When investor protection rules fail, a lot can go wrong:
TradFi: Enron, Worldcom, Refco, Wirecard, Theranos and others.
Banking Supervision
Banking supervision was also enhanced with the introduction of the Glass-Steagall Act/Banking Act of 1933 (which was later effectively repealed by the Gramm-Leach-Bliley Act of 1999 and largely reinstated with the Dodd-Frank Act of 2010) and the Basel Accords. In very general terms, global banking regulation aimed to monitor and scrutinize how and how much risk banks are allowed to take (e.g. capital adequacy monitoring) with their depositors funds, reduce the risk of bank runs, and provide a framework for insurance of depositors funds. [16] [17] In other words, banking supervision frameworks are designed to prevent the recurrence of Celsius and BlockFi moments. Banks are not and should not act as hedge funds, and non-banks should not touch clients’ funds.

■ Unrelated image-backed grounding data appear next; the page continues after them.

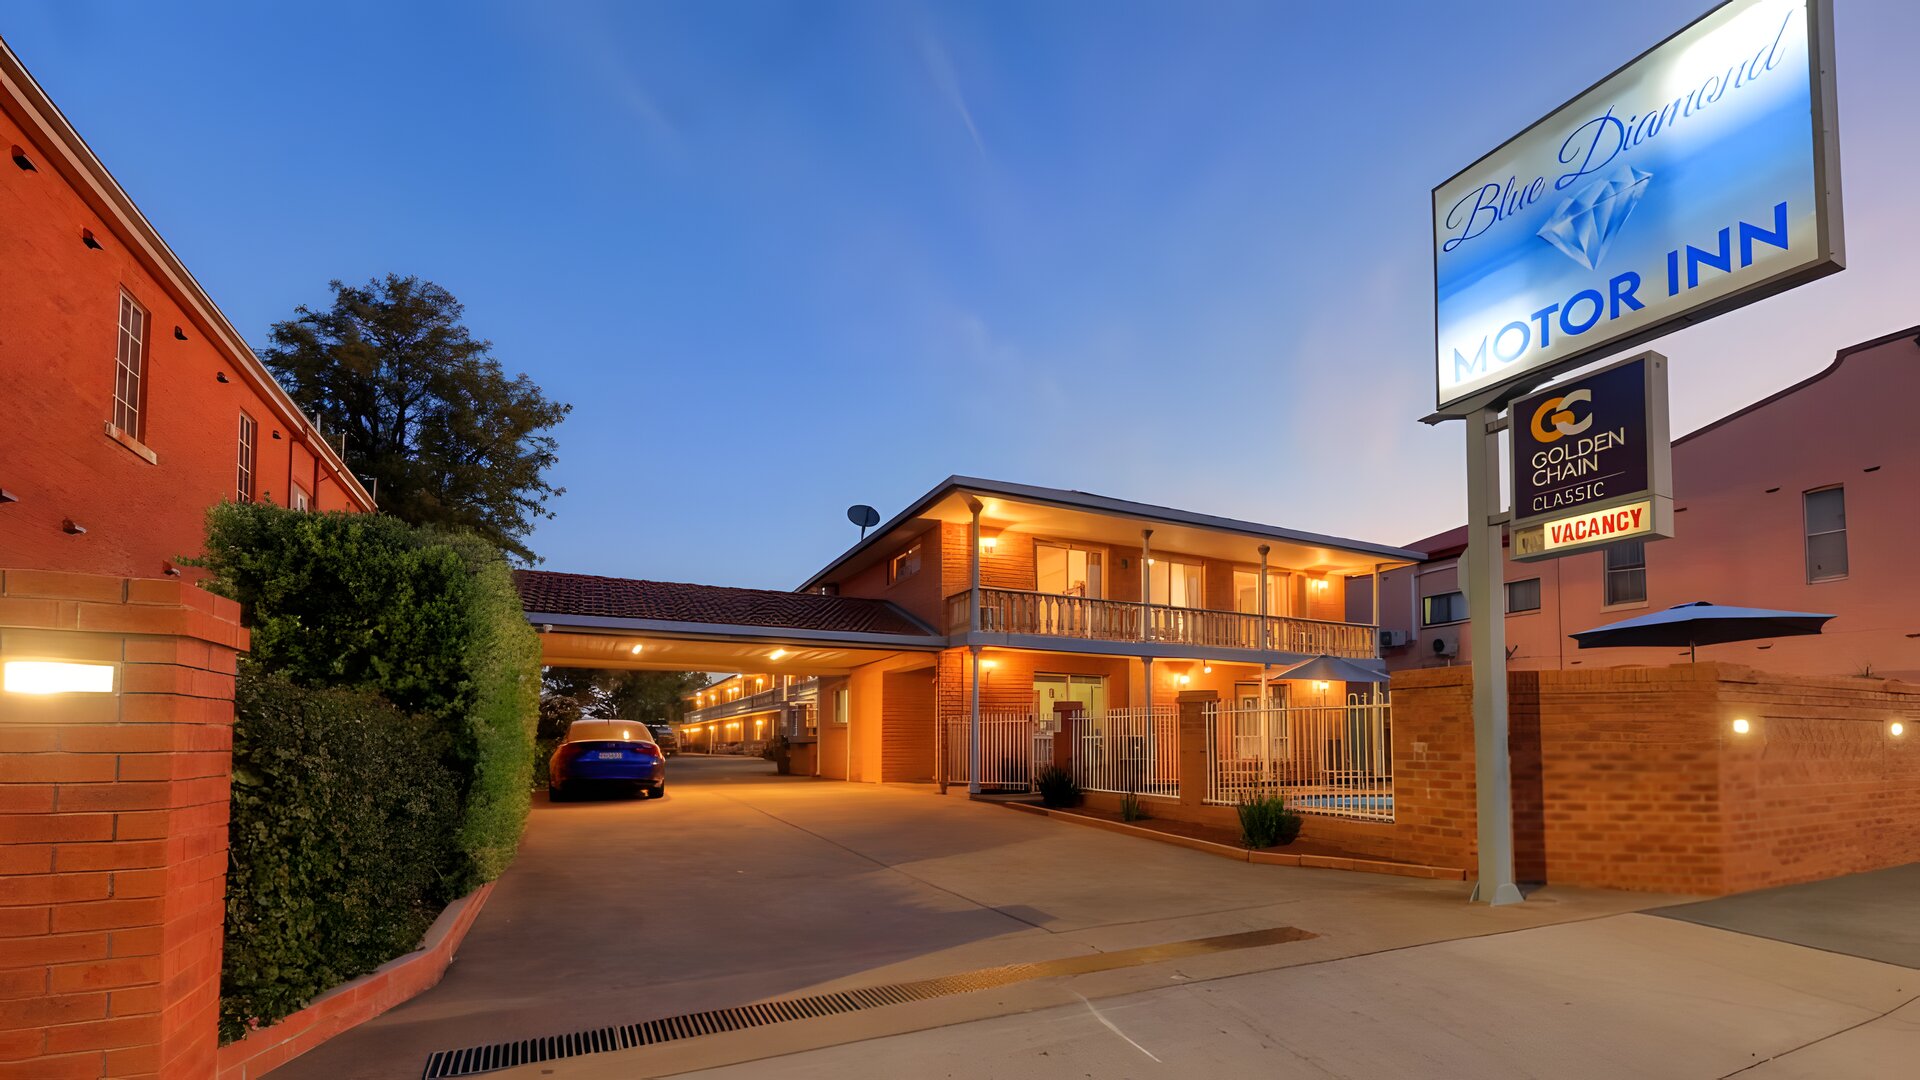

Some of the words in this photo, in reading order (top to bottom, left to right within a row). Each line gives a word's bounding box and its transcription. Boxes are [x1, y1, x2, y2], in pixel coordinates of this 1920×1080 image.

[1443, 175, 1546, 252] Blue
[1555, 10, 1794, 189] Diamond
[1453, 271, 1645, 382] MOTOR
[1667, 201, 1788, 297] INN
[1532, 427, 1624, 469] GOLDEN
[1532, 454, 1598, 487] CHAIN
[1533, 482, 1604, 511] CLASSIC
[1551, 508, 1642, 544] VACANCY
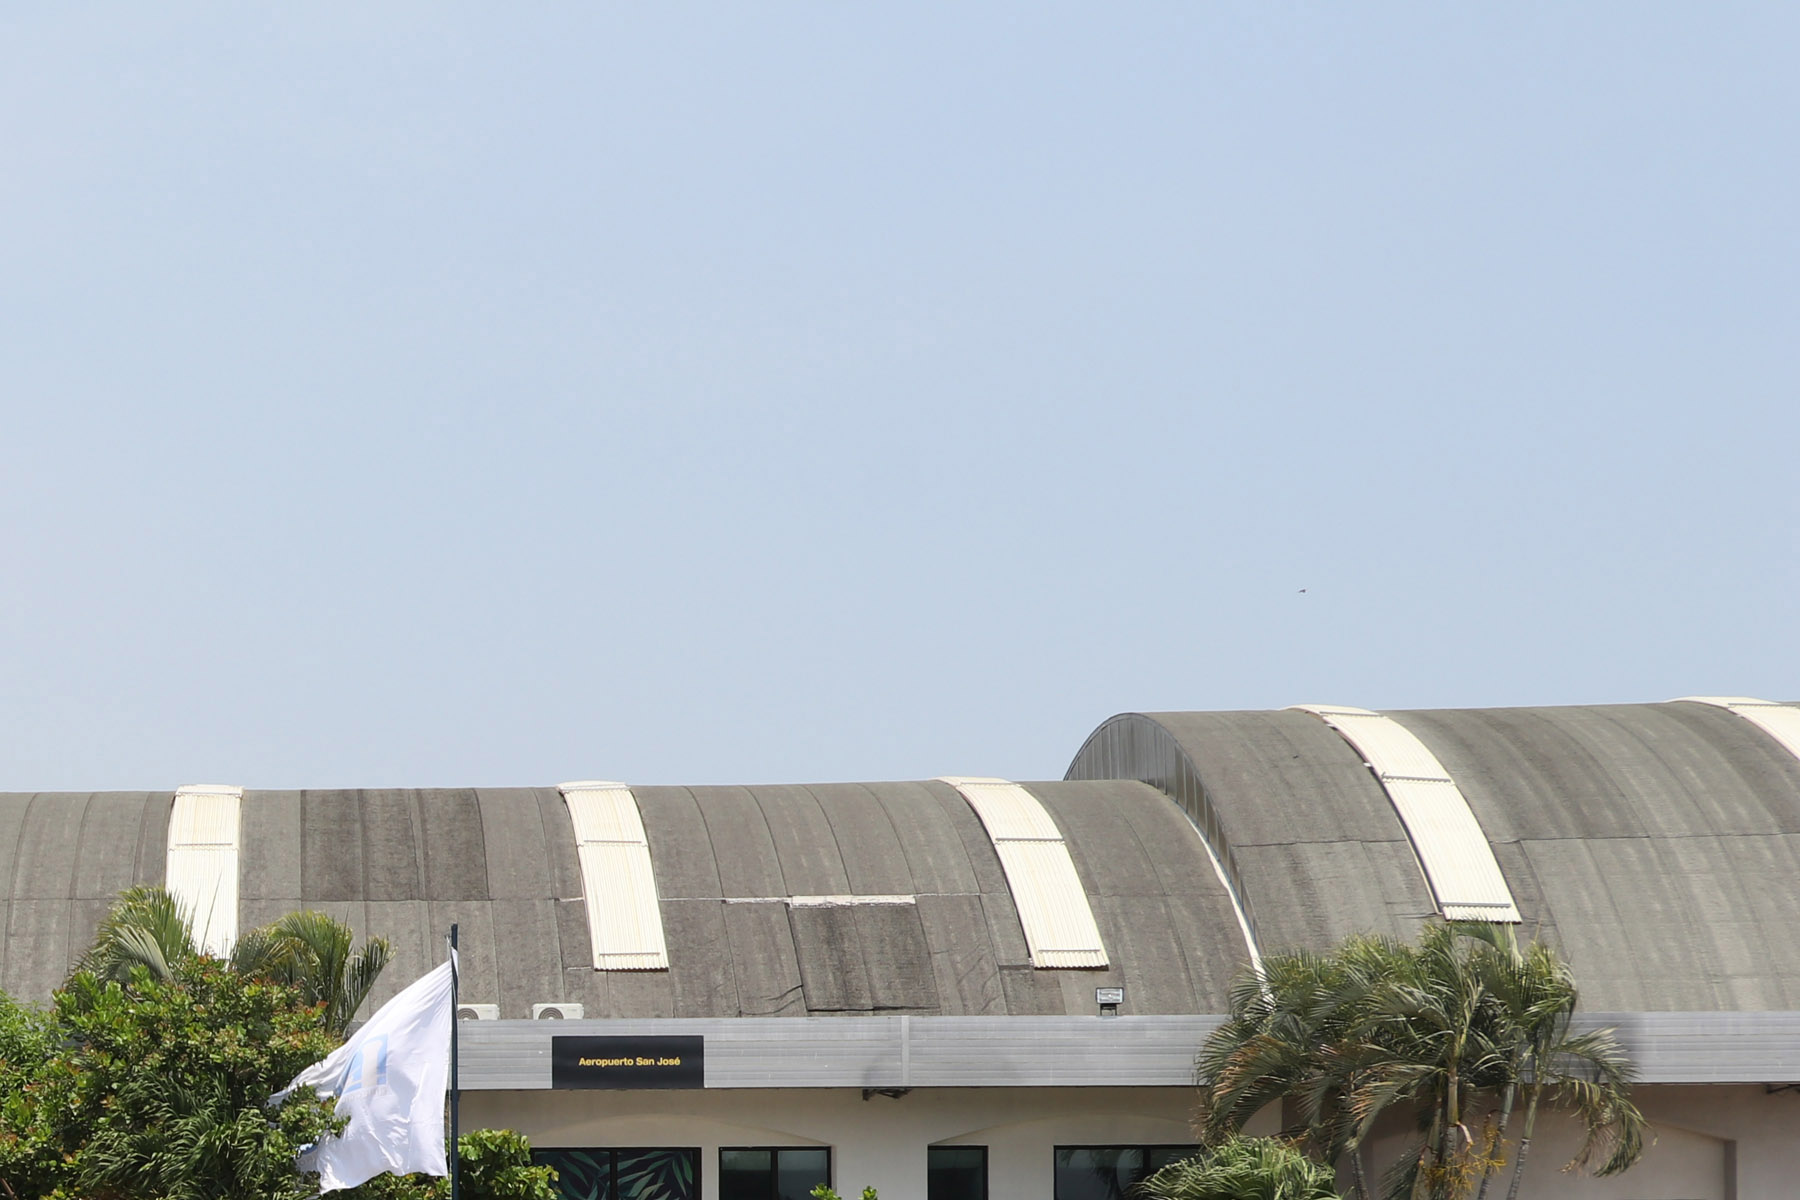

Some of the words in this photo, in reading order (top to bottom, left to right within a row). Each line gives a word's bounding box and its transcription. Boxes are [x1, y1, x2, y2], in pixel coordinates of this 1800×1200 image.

[579, 1057, 634, 1068] Aeropuerto
[636, 1057, 655, 1066] San
[657, 1056, 681, 1066] José

The way banking supervision rules as we know them today have emerged is at the core of the belief by many that regulation is reactive in nature. Every fresh new iteration thereof is born out of yet another financial apocalypse:
TradFi: Lehman Brothers, Washington Mutual, IndyMac, and more of the largest US banks that have been bailed out (e.g. Wells Fargo, JPMorgan Chase, and Citigroup)

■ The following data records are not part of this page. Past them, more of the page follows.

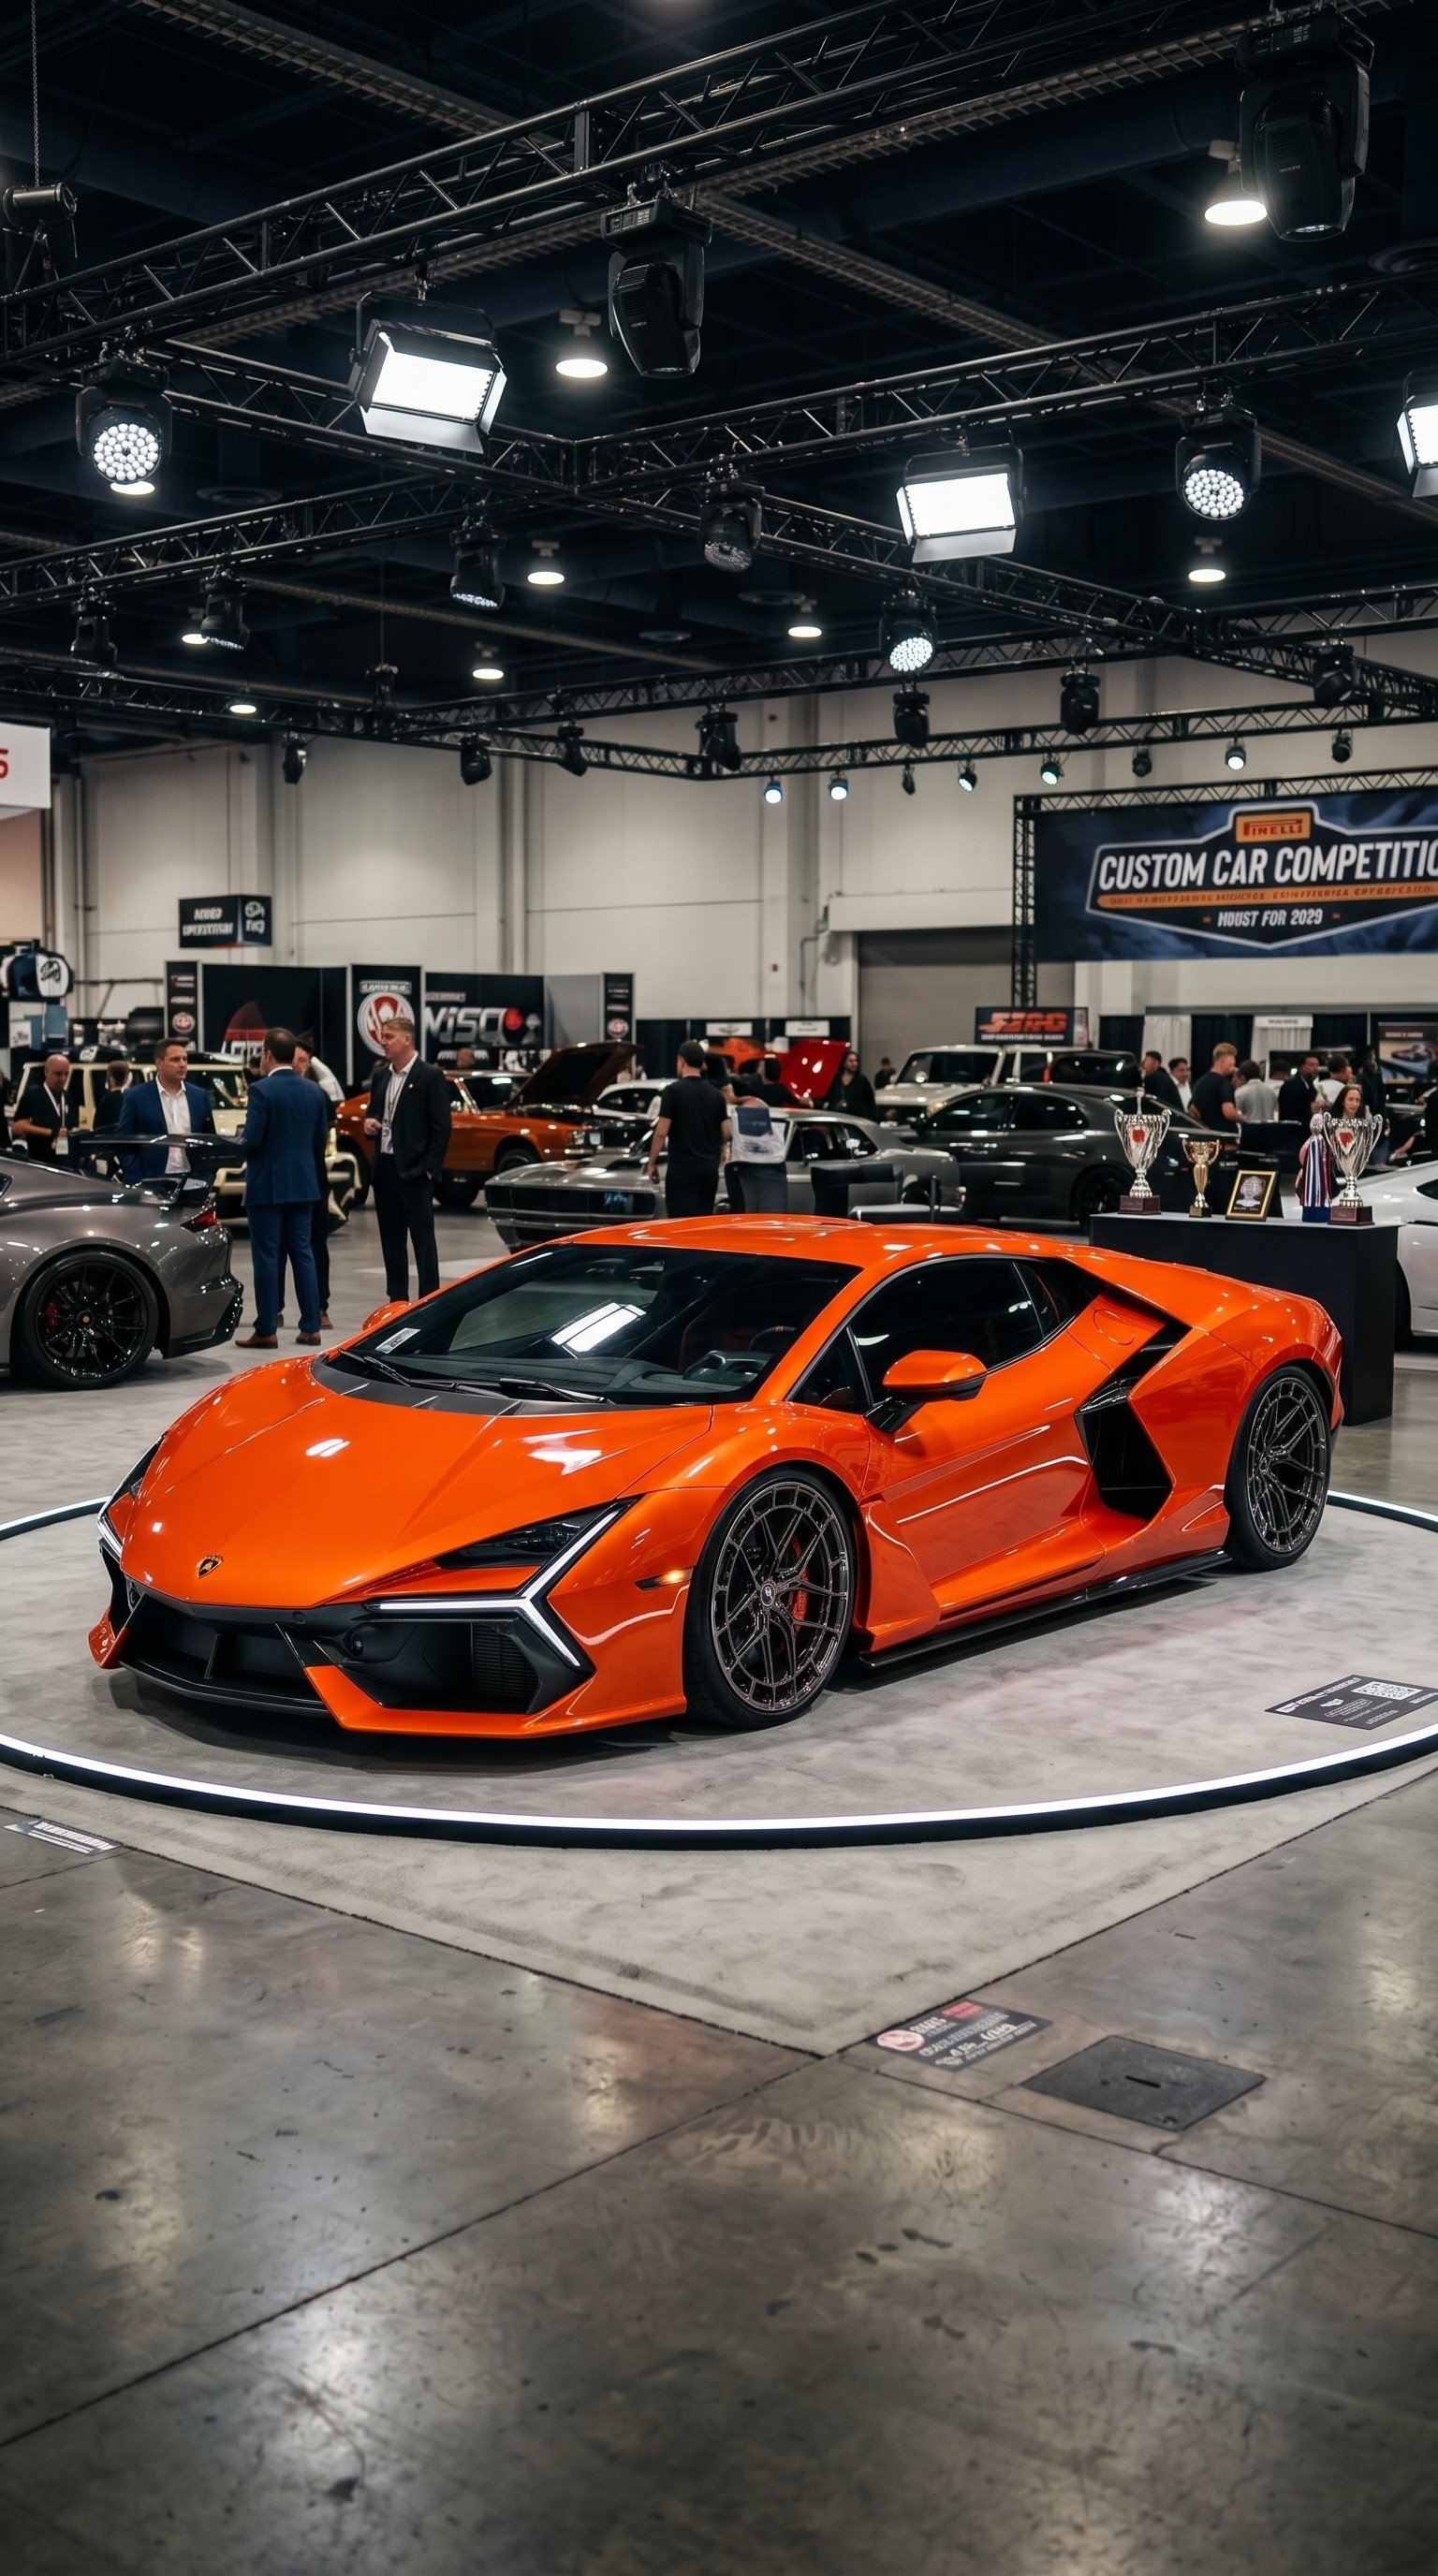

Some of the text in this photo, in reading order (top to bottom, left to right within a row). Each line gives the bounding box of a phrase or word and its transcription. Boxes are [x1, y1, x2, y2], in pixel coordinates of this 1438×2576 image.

[1243, 818, 1303, 837] PIRELLI
[1099, 852, 1208, 890] CUSTOM
[1211, 848, 1269, 886] CAR
[1261, 908, 1287, 927] FOR
[1290, 907, 1324, 926] 2029

Web3: FTX, Celsus, BlockFi, Voyager Digital.
AML Regulations
Other prominent regulation includes the Bank Secrecy Act of 1970 (of which KYC and transaction monitoring/recordkeeping/reporting fall), the US Sanctions Program, and upcoming regulatory legislation, such as Europe’s Markets in Crypto-Assets Regulation (MiCA)[18] all serve the purpose of tracing the funds acquired as a result of / sent towards various illicit activities. In order to comply, institutions develop a paper trail of illicit activity for regulators and enforcement agencies to follow when required. In order for the trail to be meaningful, there needs to be KYC**. KYC standards and transaction monitoring — under which entities of various classifications are required to meet information collection and transaction monitoring requirements under the aforementioned Bank Secrecy Act. In short, KYC/AML regulations are designed to make sure that when bad actors are identified, they are duly punished — with any funds acquired illicitly also being confiscated or otherwise made unavailable.
Financial Crimes Enforcement Network (FinCEN) has the total authority to administer the BSA, and bring enforcement actions against those in violation of its terms. The Department of the Treasury’s Office of Foreign Assets Control (OFAC) has a broader jurisdictional mandate, overseeing all financial transactions in the US, and may sanction any individual, entity, or country that poses a threat to national security. Hence, if an OFAC-designated individual or entity has an interest in any transaction processed through or property held by a US person or entity — such as the aforementioned MSBs — they could be required to block, freeze, segregate funds, and file certain reports with OFAC. Effectively, OFAC must have the ability to scrutinize the various parties and entities interacting with US-based or US-affiliated entities, and if an OFAC-designated individual finds proof or believes there to be an item of interest then they can force the protocol or platform to comply.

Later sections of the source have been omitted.